● WORK REQUEST
Because the entries hold pictures, reproduce only their words, exactly as written.

(INPUT RECORDS begins)

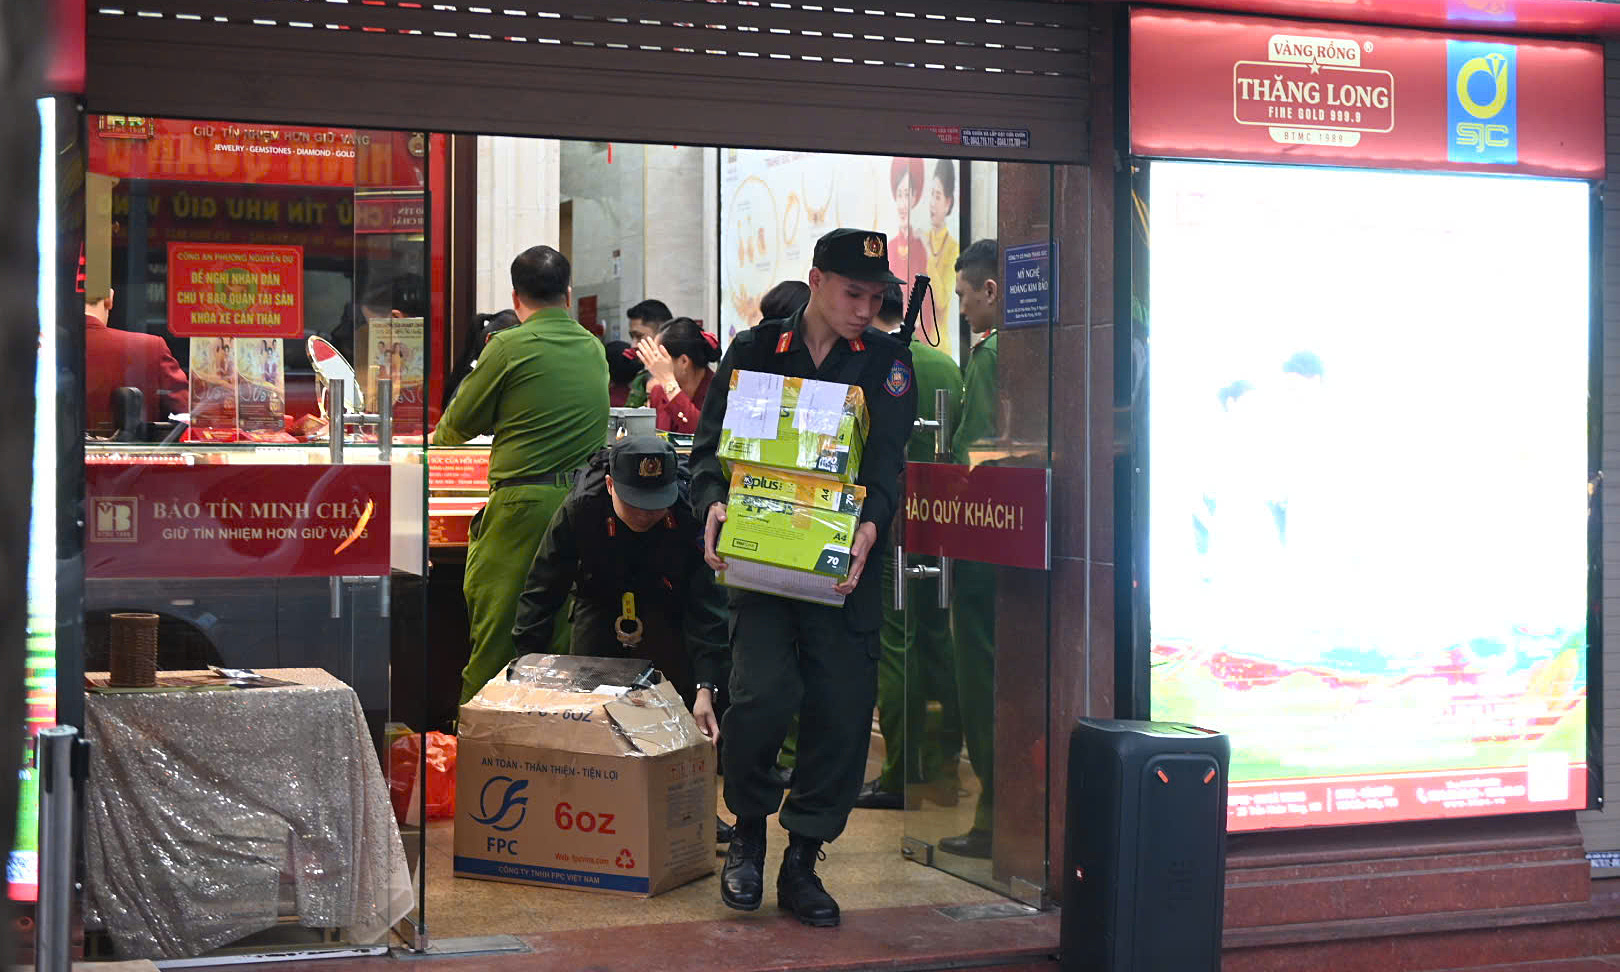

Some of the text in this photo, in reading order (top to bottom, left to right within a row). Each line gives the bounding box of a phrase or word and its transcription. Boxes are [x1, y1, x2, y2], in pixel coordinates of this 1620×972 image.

[1273, 40, 1356, 60] VÀNG RỒNG
[1237, 74, 1389, 109] THĂNG LONG
[1269, 106, 1361, 123] FINE GOLD 999.9
[1285, 131, 1343, 143] BTMC 1989
[213, 143, 355, 158] JEWELRY GEMSTONES DIAMOND GOLD
[219, 312, 232, 324] XE
[821, 488, 830, 501] A4
[845, 493, 855, 506] 70
[153, 498, 200, 519] BẢO
[207, 498, 243, 518] TÍN
[250, 502, 309, 518] MINH
[933, 496, 961, 524] QUÝ
[965, 498, 1015, 530] KHÁCH
[162, 526, 189, 539] GIỮ
[192, 526, 214, 539] TÍN
[219, 528, 263, 542] NHIỆM
[266, 527, 297, 539] HƠN
[301, 525, 328, 539] GIỮ
[833, 532, 848, 542] A4
[827, 556, 840, 566] 70
[482, 757, 493, 767] AN
[495, 756, 518, 769] TOÀN
[525, 761, 547, 773] THÂN
[551, 764, 575, 778] THIỆN
[582, 767, 601, 780] TIỆN
[554, 802, 616, 835] 6oz
[487, 837, 518, 856] FPC
[498, 865, 600, 885] CÔNG TY TNHH FPC VIỆT NAM

(INPUT RECORDS ends)

● ANSWER SPACE
Some of the text in this photo, in reading order (top to bottom, left to right within a row). Each line gives the bounding box of a phrase or word and its transcription. Boxes are [x1, y1, x2, y2], in pixel coordinates of this 1620×972 image.

[1273, 40, 1356, 60] VÀNG RỒNG
[1237, 74, 1389, 109] THĂNG LONG
[1269, 106, 1361, 123] FINE GOLD 999.9
[1285, 131, 1343, 143] BTMC 1989
[213, 143, 355, 158] JEWELRY GEMSTONES DIAMOND GOLD
[219, 312, 232, 324] XE
[821, 488, 830, 501] A4
[845, 493, 855, 506] 70
[153, 498, 200, 519] BẢO
[207, 498, 243, 518] TÍN
[250, 502, 309, 518] MINH
[933, 496, 961, 524] QUÝ
[965, 498, 1015, 530] KHÁCH
[162, 526, 189, 539] GIỮ
[192, 526, 214, 539] TÍN
[219, 528, 263, 542] NHIỆM
[266, 527, 297, 539] HƠN
[301, 525, 328, 539] GIỮ
[833, 532, 848, 542] A4
[827, 556, 840, 566] 70
[482, 757, 493, 767] AN
[495, 756, 518, 769] TOÀN
[525, 761, 547, 773] THÂN
[551, 764, 575, 778] THIỆN
[582, 767, 601, 780] TIỆN
[554, 802, 616, 835] 6oz
[487, 837, 518, 856] FPC
[498, 865, 600, 885] CÔNG TY TNHH FPC VIỆT NAM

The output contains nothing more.